The Sandbox Percussion program had to be filmed in advance, since the works being performed utilized an enormous array of unusual and cumbersome percussion instruments. The concert included inventive pieces by Andy Akiko, Juri Seo, Amy Beth Kirsten and David Crowell, variously complex and demanding contemporary scores.




But the premiere of Christopher Cerrone’s “Don’t Look Down,” an 18-minute concerto for prepared piano and percussion quartet, was the highlight. As he explained in an interview before the performance, Cerrone began composing the score just as the shutdowns started in March, and finished it only recently. So it’s a piece written in lockdown. The piano is prepared similarly to John Cage’s innovative techniques, but with fewer screws and pieces of metal inserted between the piano strings, and more materials like putty — which dampens and distorts sounds — and fishing wire, which allows the strings to be bowed to create eerie, whining tones.

The first movement, “Hammerspace,” begins with the whooshing of a bike pump and droning gongs. In time, restless riffs played with mallets burst forth. Amid rushes of rhythmic, spiraling figures on the prepared piano, fragments for the percussion instruments coalesced into fleeting almost-melodies.

The second movement, “The Great Empty,” is more elemental, with music gurgling and heaving over ominous bass tones in the piano. The final movement, “Caton Flats,” is named for the mixed-use development in Brooklyn where Cerrone lives. As he said in the interview, the music recalls the metallic noise of construction crews at work in his neighborhood this summer.

Tanglewood, perhaps America’s most eminent summer music festival, has opted for offering only prerecorded online programs — some from its archives, but many filmed earlier this summer. One, recorded in June, was put online on Saturday evening: the pianist Daniil Trifonov playing Bach’s “The Art of the Fugue” in one of the studios of Tanglewood’s new Linde Center. (The program is available for $12 through Saturday, when a recital by another pianist, Conrad Tao, goes online.)
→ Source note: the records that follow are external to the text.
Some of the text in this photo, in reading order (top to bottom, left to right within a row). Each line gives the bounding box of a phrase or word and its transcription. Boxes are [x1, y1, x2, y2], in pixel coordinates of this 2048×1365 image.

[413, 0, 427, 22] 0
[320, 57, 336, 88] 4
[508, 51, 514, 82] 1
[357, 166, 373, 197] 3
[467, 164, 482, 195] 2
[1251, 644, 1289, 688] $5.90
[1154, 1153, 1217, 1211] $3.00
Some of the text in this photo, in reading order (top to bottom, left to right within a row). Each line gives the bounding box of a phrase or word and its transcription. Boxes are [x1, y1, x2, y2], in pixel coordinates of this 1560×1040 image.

Trifonov played this work, Bach’s final piece, at a recital at Alice Tully Hall in early March, one of the final concerts in New York before the lockdown. His performance then was magnificent, combining youthful inventiveness, crisp articulations and, for a performer still in his 20s, profoundly insightful musicianship. The Tanglewood performance was even better, though the chance it offered to see Trifonov up close — to watch as a finger on his right hand gave extra pressure to a crucial note — may have made it especially absorbing.

Though he was not required to do so, Trifonov performed wearing a mask, which came across as a gesture of solidarity with those watching from home. Playing these complex and compelling fugues, Trifonov displayed an unusual kind of virtuosity — not flashy, but precise, nuanced and subtle. Rippling passagework was not like filigree but substantive: Each note mattered.
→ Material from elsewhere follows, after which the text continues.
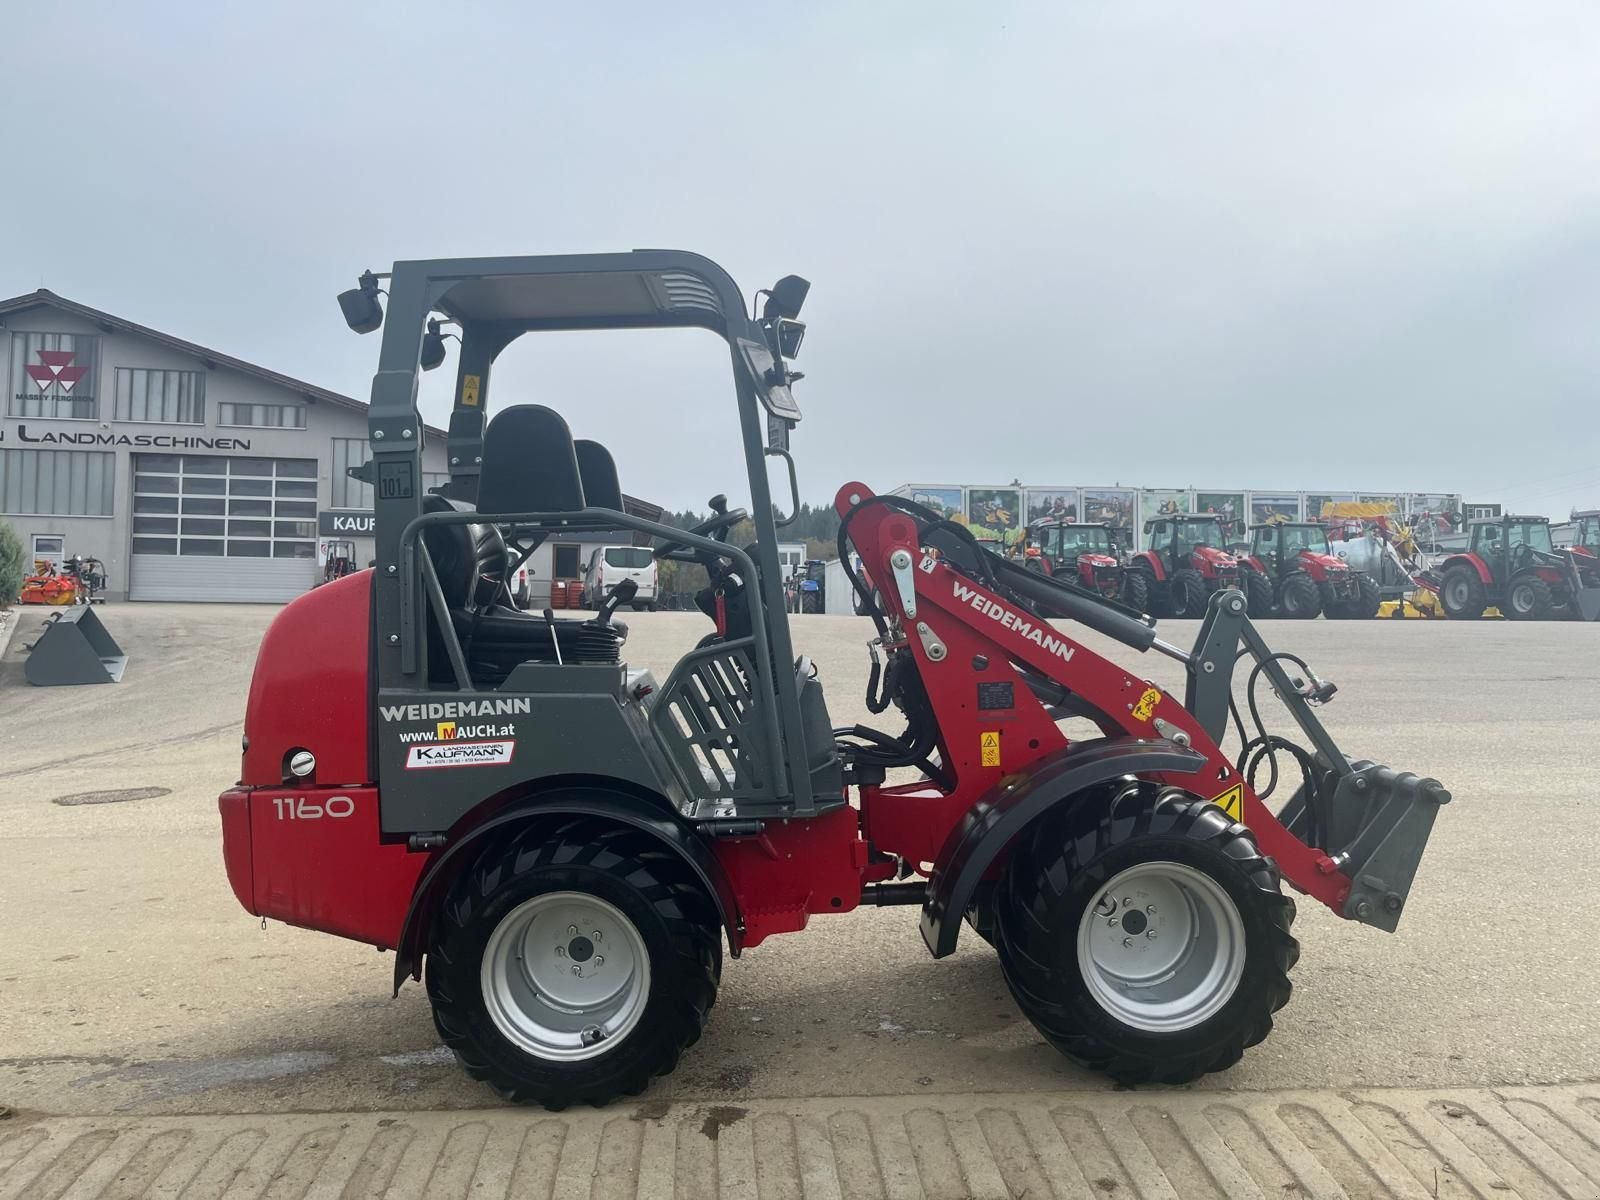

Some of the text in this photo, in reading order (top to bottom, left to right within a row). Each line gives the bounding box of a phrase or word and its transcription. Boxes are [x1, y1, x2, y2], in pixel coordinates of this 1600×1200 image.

For Fugue 14, which Bach died before finishing, Trifonov, who is also a composer, dared to do the job and played his own completion. Good for him that, rather than feeling intimidated, he paid homage to Bach by adding his own personal take. The intricate contrapuntal lines unfolded effectively, the music taking a quasi-mystical turn and becoming harmonically elusive delicate and gentle, with a cushioned landing at the end instead of a full stop.

Worth paying for? Worth waiting for? I’d say yes, on both counts.